Nous reprenons la route pour rejoindre un shelter un peu plus au sud, à Strøby, nous voilà encore une fois le long d’une route très passante, avec une bande cyclable sur le côté de la route… cette fois-ci, nous n’hésitons pas à suivre le détour proposé par l’eurovélo pour quitter cette route au bruit infernal, que nous avons appelée “route de la mort”.
Nous pédalons alors sur de petites routes au milieu des champs de colza et céréales, voilà qui est bien mieux ! Nous longeons un très grand parc, celui du joli château de Vallø. Nous ne prenons pas le temps de l’explorer, il se fait un peu tard, nous continuons notre route. Le shelter que nous avons repéré à Strøby est situé au bout de quelques centaines de mètres de piste, avec de l’eau potable pas trop loin, c’est parfait ! Après cette journée de 38 km entrecoupés de petites visites, nous profitons de la table pour notre repas, puis allons explorer la zone humide toute proche avant d’aller au lit.

Les falaises de Stevns

Un porridge à la banane pour démarrer la journée, et nous voilà à nouveau sur l’eurovélo 10, que nous allons suivre à la lettre aujourd’hui. Nous traversons des zones de cultures, et quelques zones humides, des petits villages de jolies chaumières, le tout saupoudré de fleurs. Un léger vent se lève, nous arrivons sur la côte ! Nous pique-niquons sur un site militaire de la guerre froide, reconverti en observatoire à oiseaux.

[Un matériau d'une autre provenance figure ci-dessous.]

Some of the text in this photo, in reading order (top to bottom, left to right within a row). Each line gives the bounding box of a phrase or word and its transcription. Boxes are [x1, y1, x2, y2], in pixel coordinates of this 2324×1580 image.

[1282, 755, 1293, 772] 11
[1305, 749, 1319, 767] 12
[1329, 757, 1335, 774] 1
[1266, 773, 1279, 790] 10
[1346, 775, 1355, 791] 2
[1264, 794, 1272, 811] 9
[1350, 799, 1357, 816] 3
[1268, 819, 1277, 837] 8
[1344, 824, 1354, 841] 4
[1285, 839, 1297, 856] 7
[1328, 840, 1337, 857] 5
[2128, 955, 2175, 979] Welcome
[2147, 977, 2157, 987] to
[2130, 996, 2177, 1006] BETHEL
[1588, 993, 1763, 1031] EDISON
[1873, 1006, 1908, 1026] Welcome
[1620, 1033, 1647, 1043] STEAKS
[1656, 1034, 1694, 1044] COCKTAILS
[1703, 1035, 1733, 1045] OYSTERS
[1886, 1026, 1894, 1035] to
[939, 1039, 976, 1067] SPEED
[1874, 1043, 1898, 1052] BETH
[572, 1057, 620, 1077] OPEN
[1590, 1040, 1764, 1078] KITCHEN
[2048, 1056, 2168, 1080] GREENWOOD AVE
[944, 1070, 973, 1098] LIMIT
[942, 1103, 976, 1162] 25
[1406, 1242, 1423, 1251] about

Nous suivons les conseils de la carte touristique, et faisons la première pause de l’après-midi près d’un phare : un premier a été construit au bout d’une maison, puis un second sur une tour sur la falaise. La pause suivante nous permet de découvrir une église perchée sur la falaise, et de prendre le goûter avec un beau panorama. Nous voyons ensuite une rangée de missiles, datant de la guerre froide, qui impressionnent beaucoup les enfants. Nous réalisons alors que les frontières de l’ex-URSS sont très proches.

Nous rejoignons une ancienne carrière, flanquée de son four à chaux, au fond de laquelle un shelter est installé. Mais nous n’avons pas d’eau et il fait chaud, nous prenons juste le temps de nous essayer à la taille de silex au pied de la falaise, avant de nous mettre en quête d’un lieu où dormir… le shelter improbable dans une école n’existe pas, nous allons au camping de Rødvig, profiter des jeux et du confort d’une vraie cuisine, après 36 km de vélo.

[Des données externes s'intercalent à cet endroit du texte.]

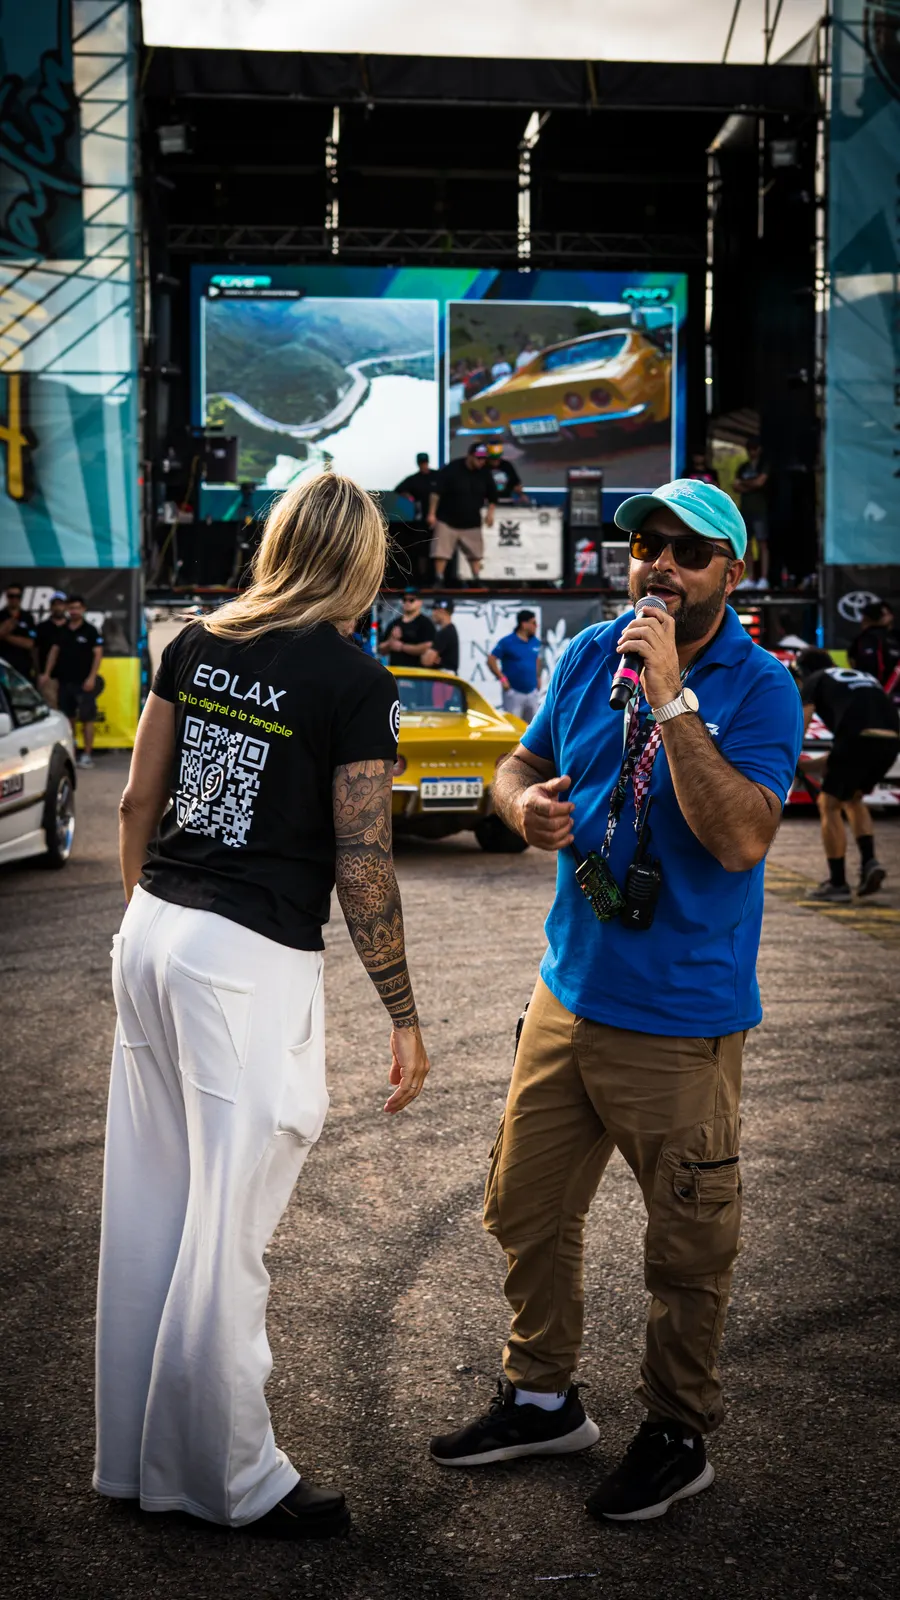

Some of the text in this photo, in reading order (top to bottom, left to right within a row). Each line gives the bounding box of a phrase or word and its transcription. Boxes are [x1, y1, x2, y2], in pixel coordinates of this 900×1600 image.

[193, 664, 287, 712] EOLAX
[188, 693, 198, 705] lo
[199, 698, 230, 713] digital
[230, 709, 237, 718] a
[238, 709, 248, 721] lo
[249, 714, 293, 738] tangible
[632, 909, 640, 920] 2
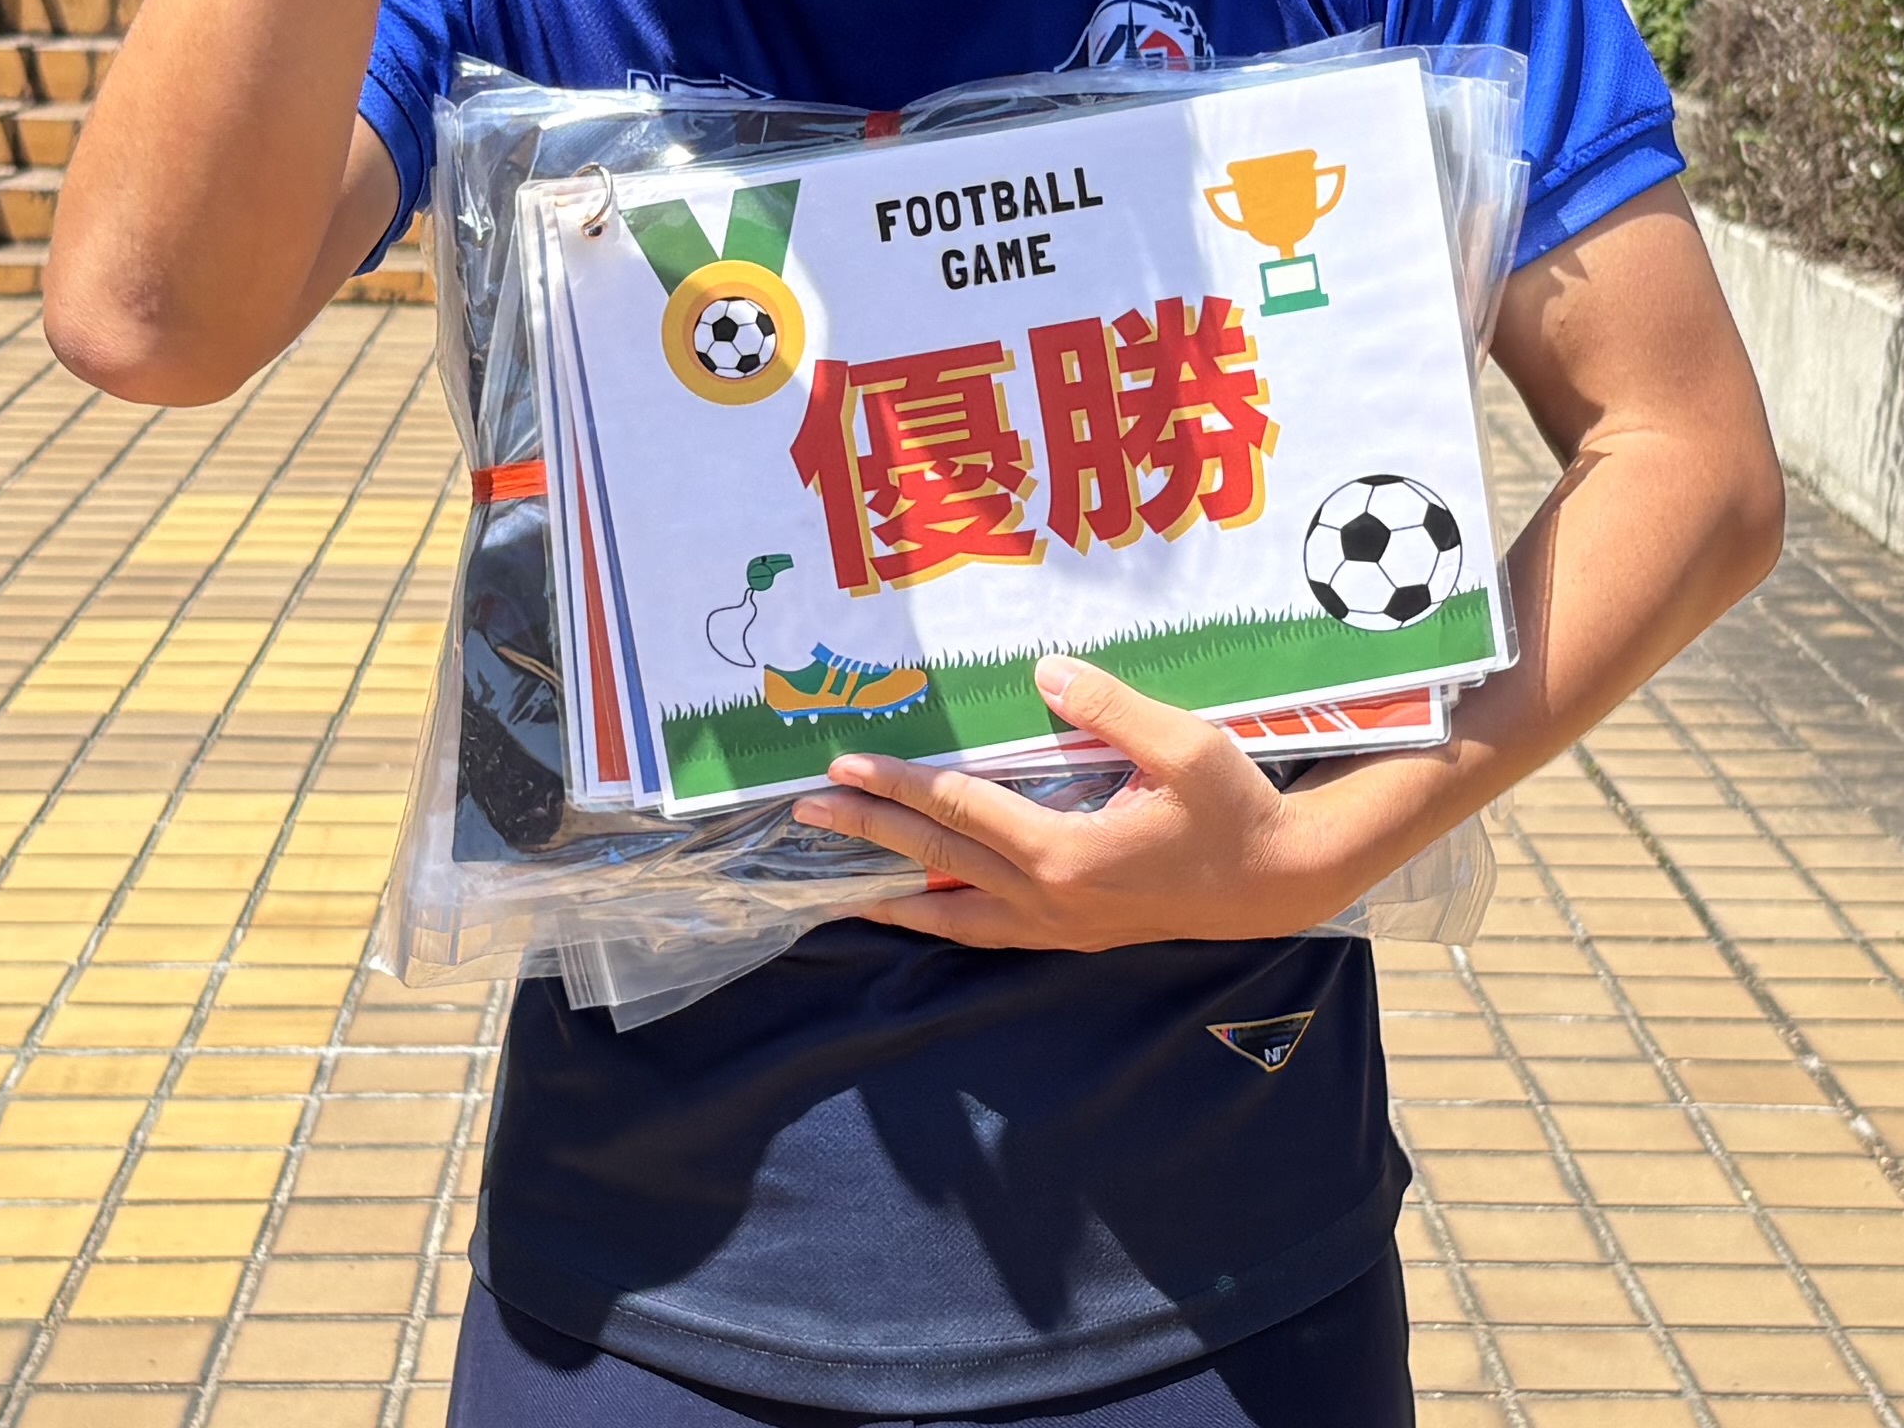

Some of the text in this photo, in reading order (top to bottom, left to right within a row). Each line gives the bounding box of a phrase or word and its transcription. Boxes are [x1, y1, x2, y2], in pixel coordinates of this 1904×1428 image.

[875, 167, 1104, 242] FOOTBALL
[941, 233, 1056, 290] GAME
[790, 295, 1280, 597] 優勝

Et si on faisait le tour d’un fjord ?

Nous prenons notre temps le matin au camping : petit-déjeuner pris à la cuisine, jeux, et discussions avec une famille franco-danoise. Nous nous mettons enfin en route, avec l’espoir de faire plus de kilomètres que les jours précédents, poussés par un léger vent de dos, et allons profiter de l’ambiance du petit port de Lund.

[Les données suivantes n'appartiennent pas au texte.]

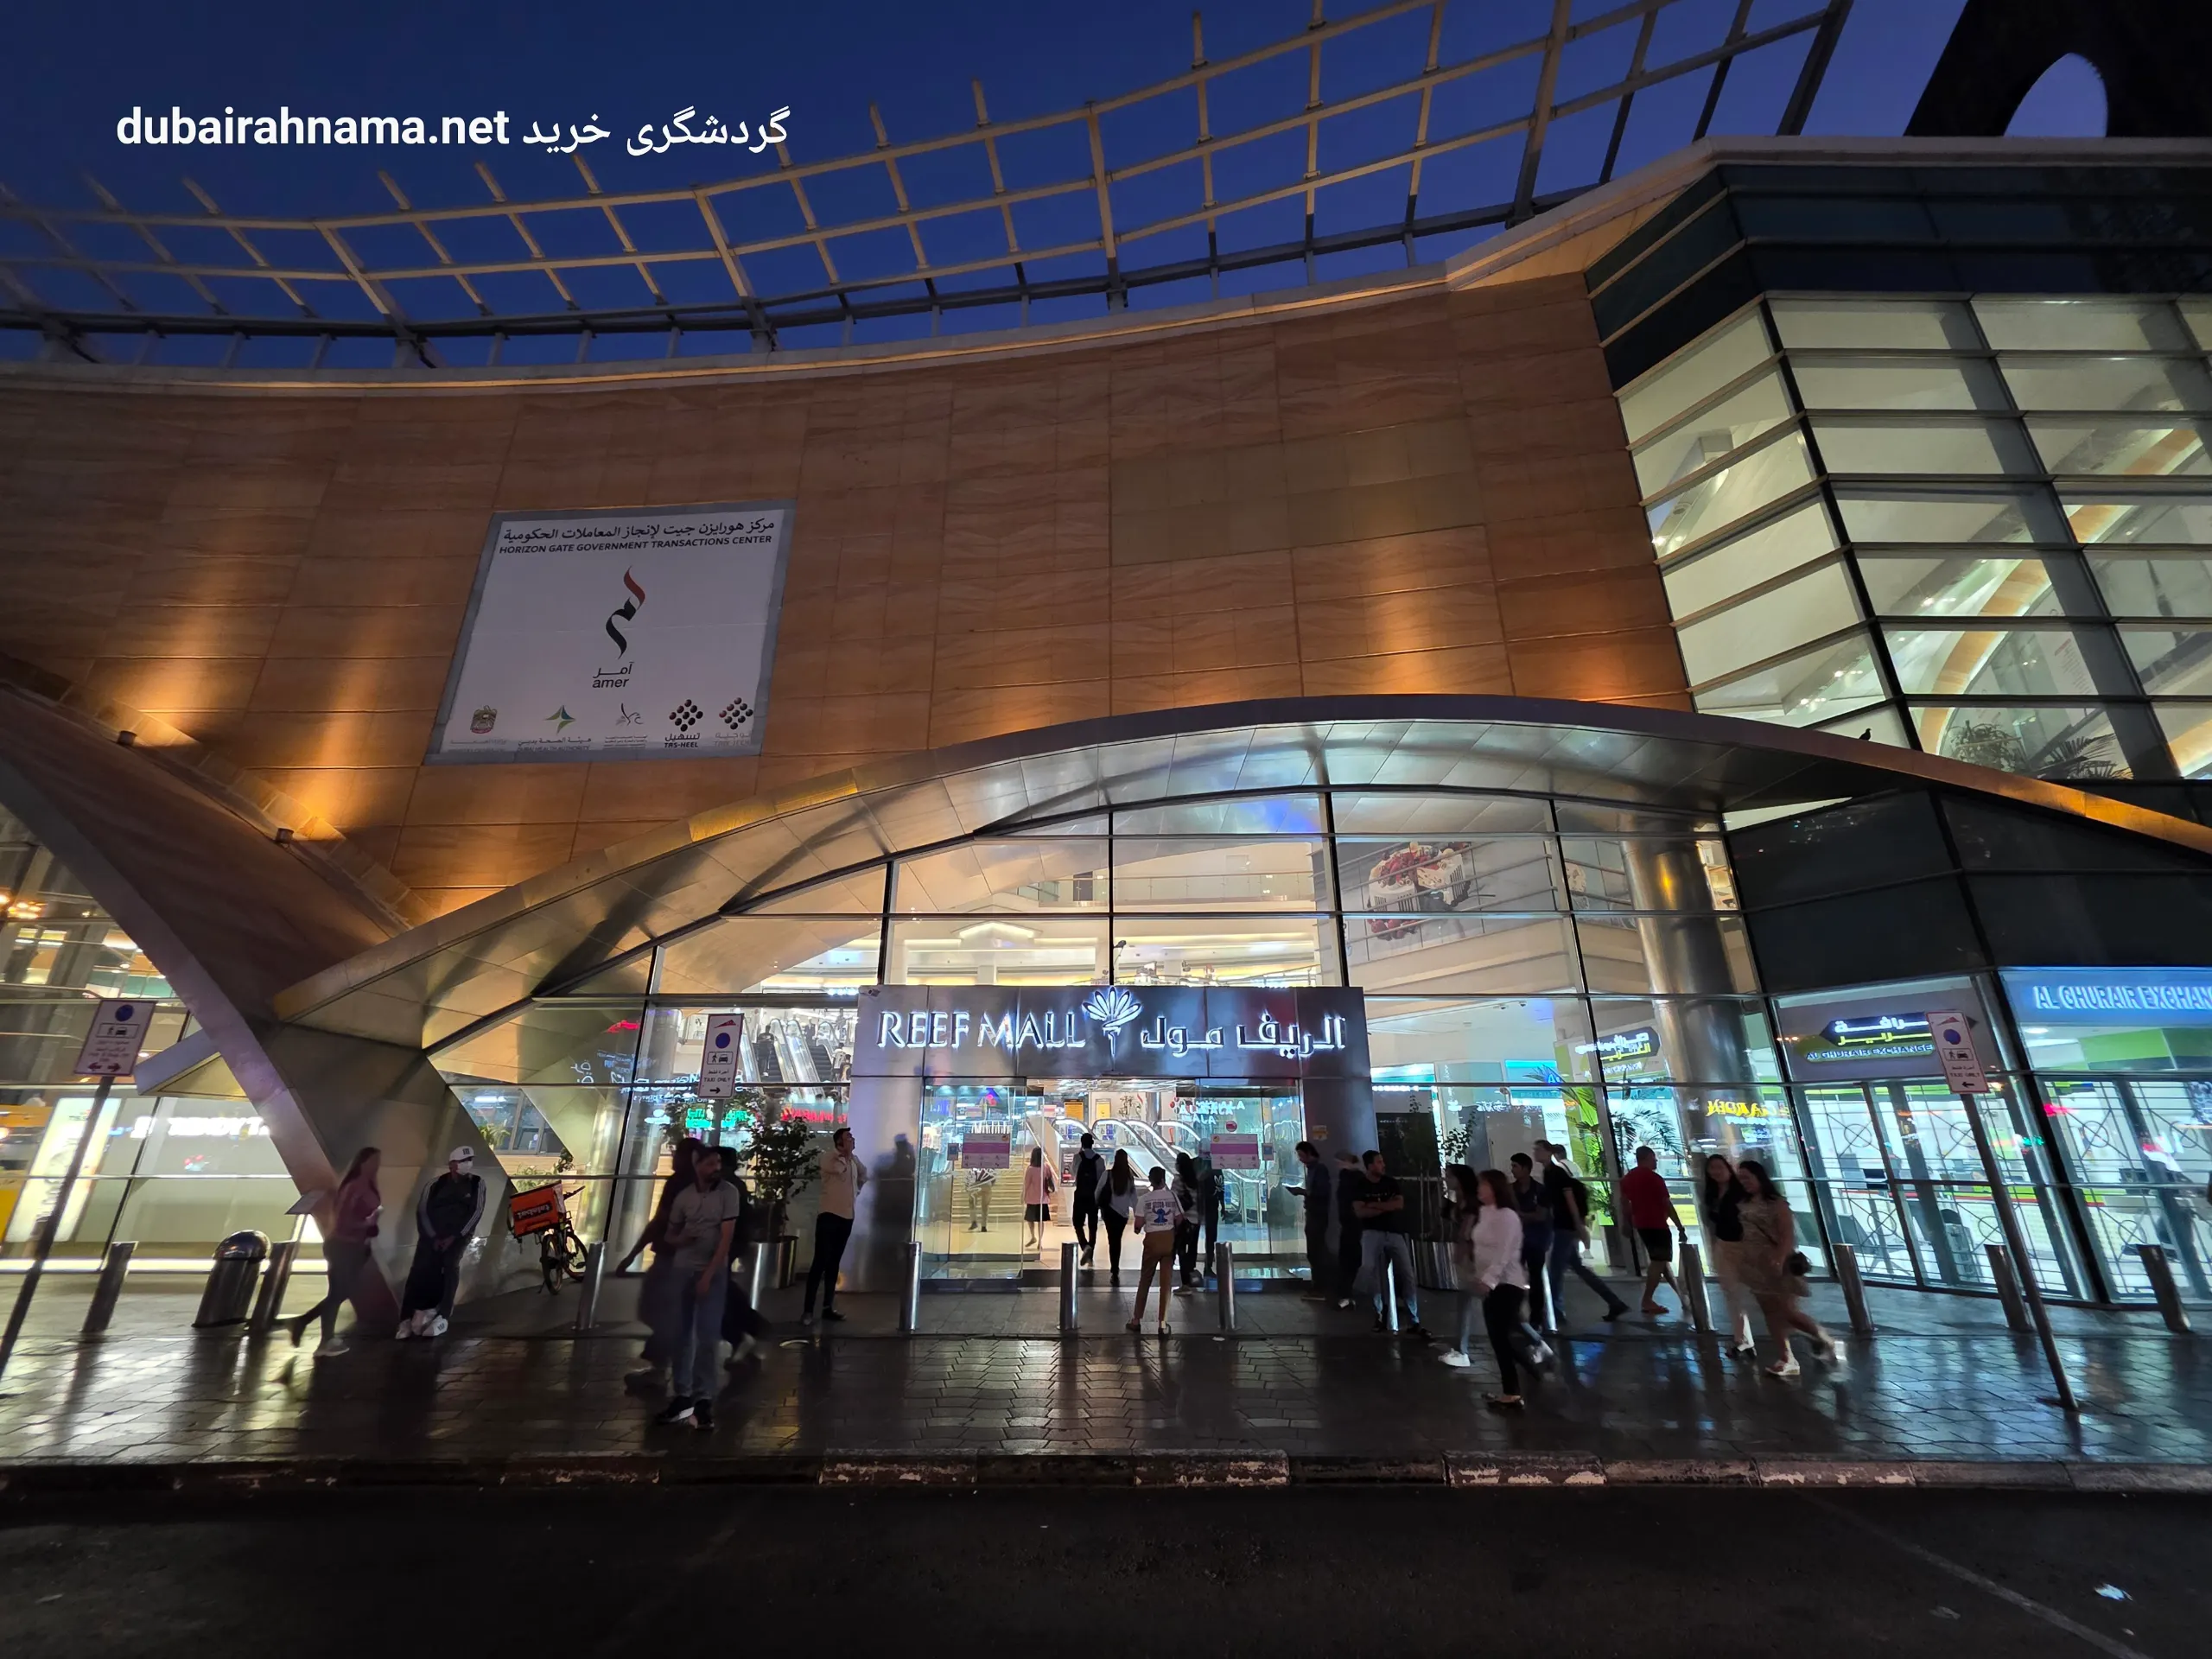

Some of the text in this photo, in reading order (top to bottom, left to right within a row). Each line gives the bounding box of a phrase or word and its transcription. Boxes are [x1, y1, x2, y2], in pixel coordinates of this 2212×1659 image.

[503, 518, 775, 544] مركز هورايزن جيت لإنجاز المعاملات الحكومية
[499, 535, 772, 555] HORIZON GATE GOVERNMENT TRANSACTIONS CENTER
[592, 678, 630, 689] amer
[664, 732, 701, 742] تسهيل
[2032, 985, 2060, 1009] AL
[2057, 985, 2143, 1010] GHURAIR
[878, 1009, 1087, 1049] REEF MALL
[1140, 1010, 1347, 1058] الريف مول
[1872, 1044, 1935, 1056] EXCHANGE

Nous pédalons ensuite au milieu des champs, puis allons faire les courses, en commençant pas acheter du miel dans un stand de bord de route, comme il y en a beaucoup au Danemark : on prend la marchandise qui nous intéresse et on laisse l’argent dans une boîte, ou on paye avec son téléphone. Nous continuons notre chemin entre bord de mer et champs, avant de rejoindre les berges du fjord de Præstø. Nous avons promis aux enfants un pique-nique avec vue sur le fjord, nous nous posons donc sur le bord d’une petite route pour manger.

Nous longeons le fjord jusqu’à la ville de Præstø, et continuons ensuite notre route à travers les collines cultivées, le vent a tourné, et nous l’avons plutôt de travers-face. Nous arrivons toutefois jusqu’au shelter que nous visions, à Sandvig, dans un port sur la Baltique, après une grande étape de 52 km. Une famille danoise y est déjà installée, et prépare son repas autour du feu ; nous montons la tente, et profitons du shelter pour manger à l’abri du vent, rejoints peu de temps après pas une cyclotouriste belge.